The soul has greater need of the ideal than the real for it is by the real that we exist, it is by the ideal that we live

Tuesday, April 29, 2008

the age-ed do not bounce

I guess I'm starting to show my age. I haven't bounced back from this little episode of illness like I used to. Today I plan to throw caution to the wind and actually eat the noodles and chicken in the Campbell's soup I'll have. Brave huh?

It's making me nuts! I can't ride, I can't read and prepare Thursday's lecture, I can't sit at the wheel and throw pots, I can't do anything but lay here and be lethargic. It totally sucks.

I get a little better every day, but whatever this was it sure has made me appreciate how healthy I normally am.

It was inevitable though. I was just thinking a few weeks ago how lucky I'd been all winter, that through that horrible months-long ordeal that I hadn't even had the sniffles.

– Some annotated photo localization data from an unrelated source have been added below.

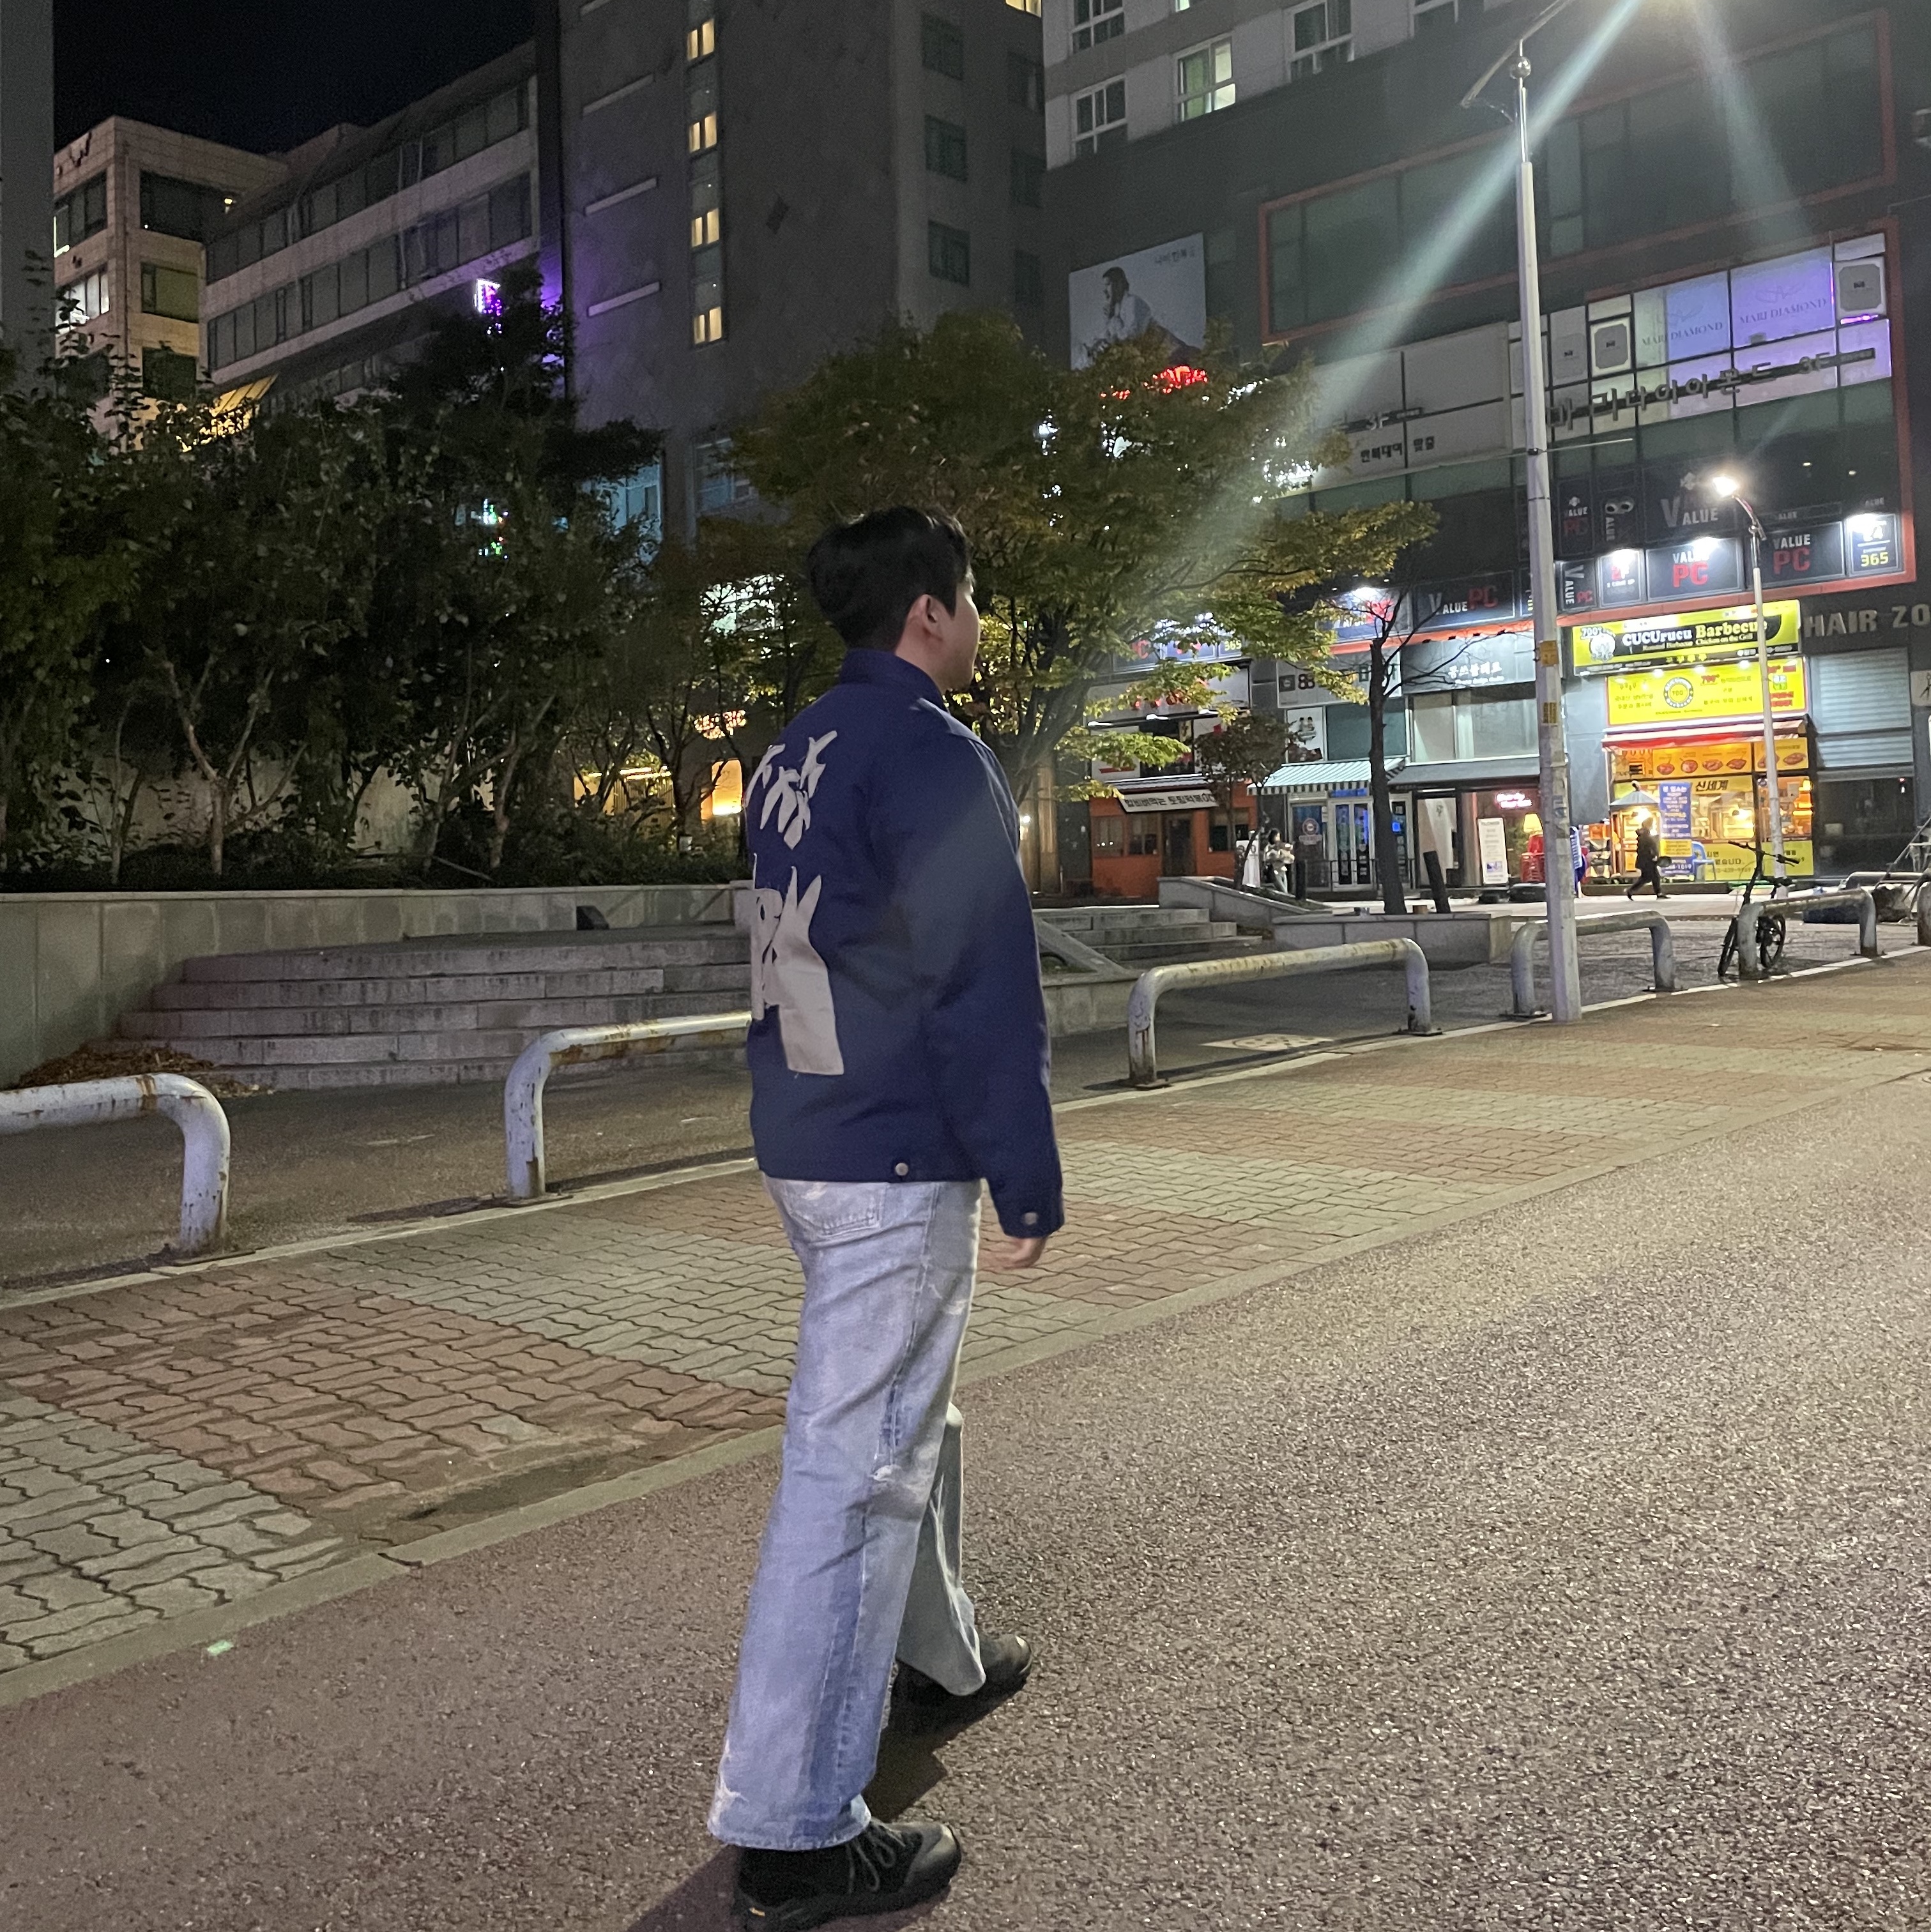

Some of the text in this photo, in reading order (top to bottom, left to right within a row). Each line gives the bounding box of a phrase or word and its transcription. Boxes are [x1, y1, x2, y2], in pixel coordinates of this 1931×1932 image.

[1740, 298, 1827, 324] MARI DIAMOND
[1670, 321, 1723, 341] DIAMOND
[1798, 351, 1830, 375] 3F
[1773, 534, 1811, 550] VALUE
[1672, 549, 1710, 563] VAL
[1773, 547, 1811, 575] PC
[1861, 551, 1889, 567] 365
[1673, 561, 1709, 588] PC
[1428, 593, 1469, 615] VALUE
[1469, 586, 1499, 611] PC
[1803, 604, 1930, 637] HAIR ZO
[1225, 639, 1242, 651] 365
[1696, 779, 1729, 792] 신세계
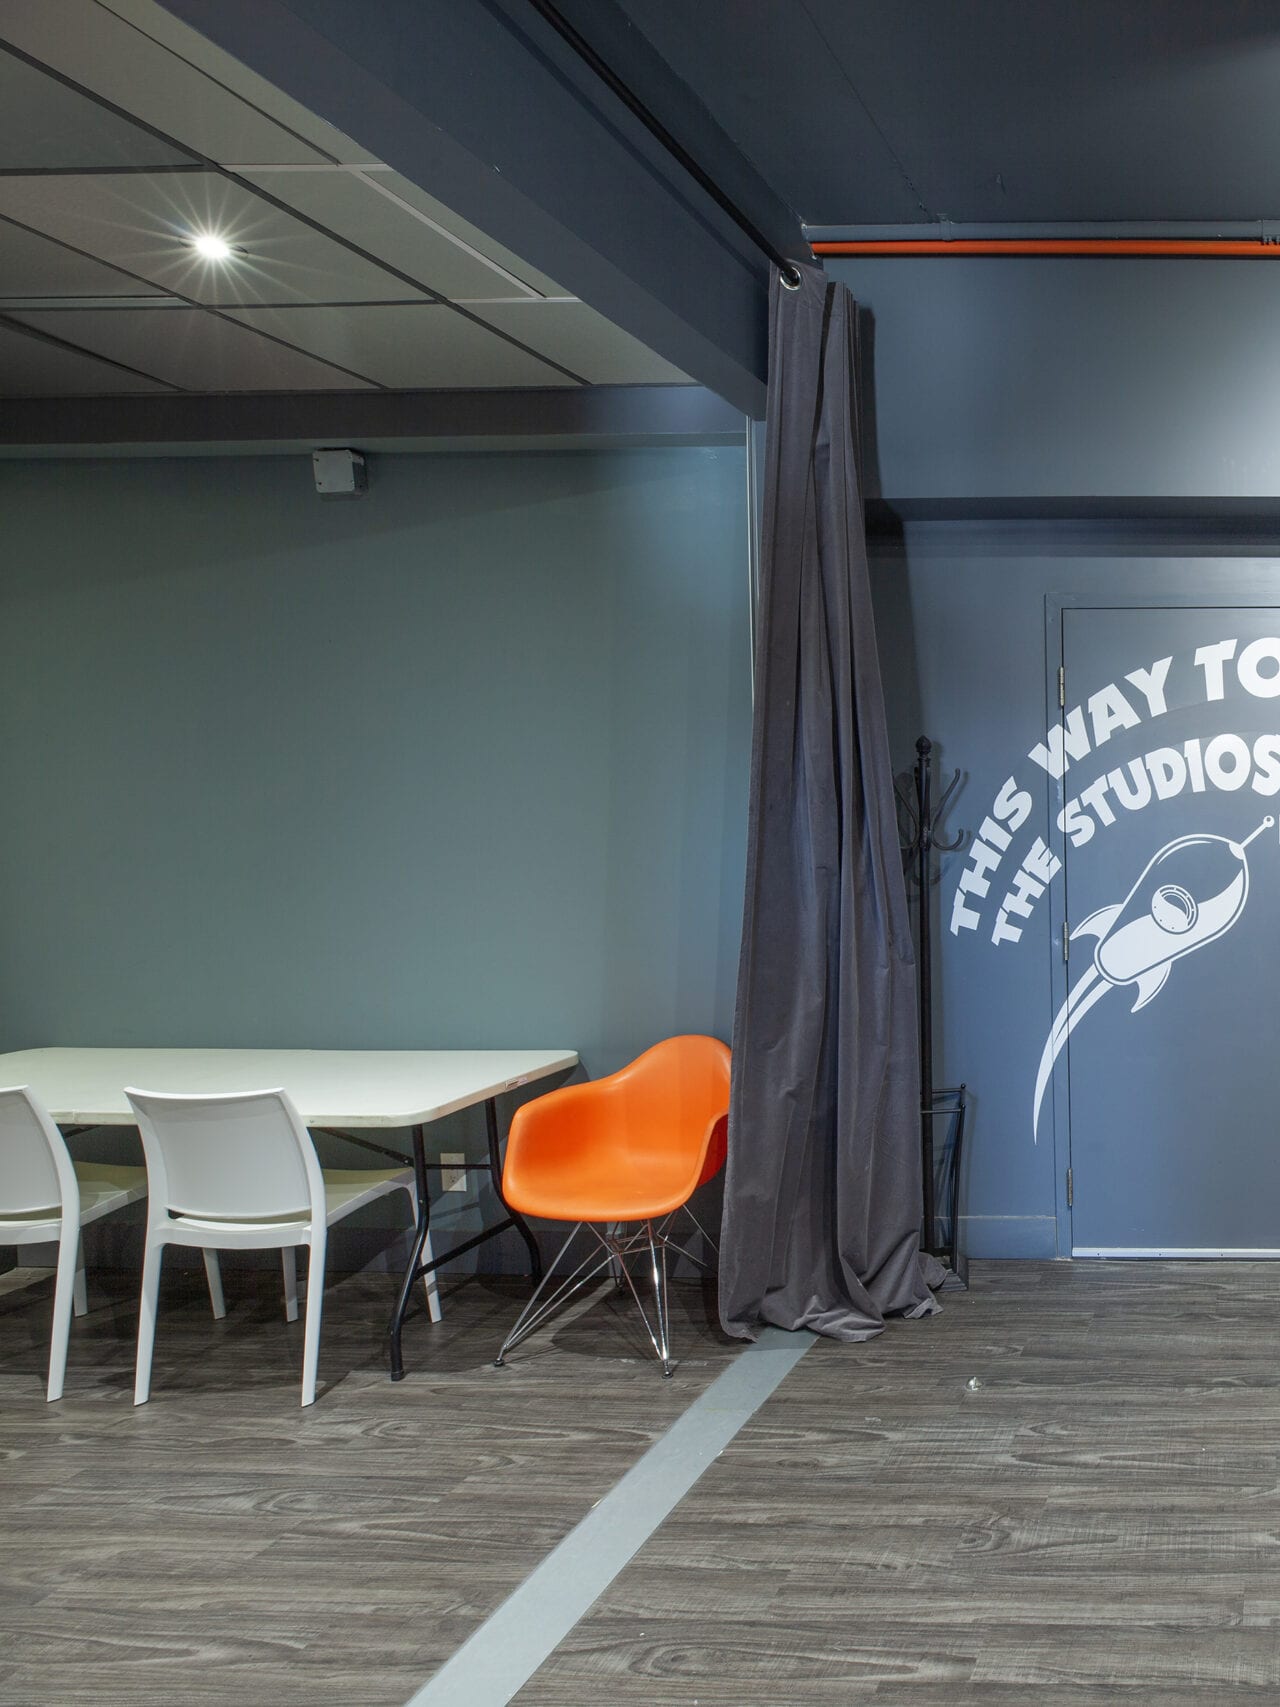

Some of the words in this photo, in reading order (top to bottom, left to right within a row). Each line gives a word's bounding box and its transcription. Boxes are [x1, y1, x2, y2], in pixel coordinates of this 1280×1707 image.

[950, 775, 1033, 936] THIS
[1027, 655, 1173, 780] WAY
[991, 836, 1063, 946] THE

Then, of course, I went right out and overdid. I jumped on a horse, and started riding my bike, and spending time doing things to the car etc. Not thinking for a second that maybe I should pace myself. That this all might take a break-in period since I wasn't nearly this active for the last six months.

I also didn't consider that I am in constant contact with those germy urchins at the college who potentially bring to me, in three hours, the amount of exposure to germs that I normally have in a month. So, like I said...inevitable.

I find that I can concentrate a little more today. I have been able to get things pretty much caught up at work, so that alone made me feel a little better.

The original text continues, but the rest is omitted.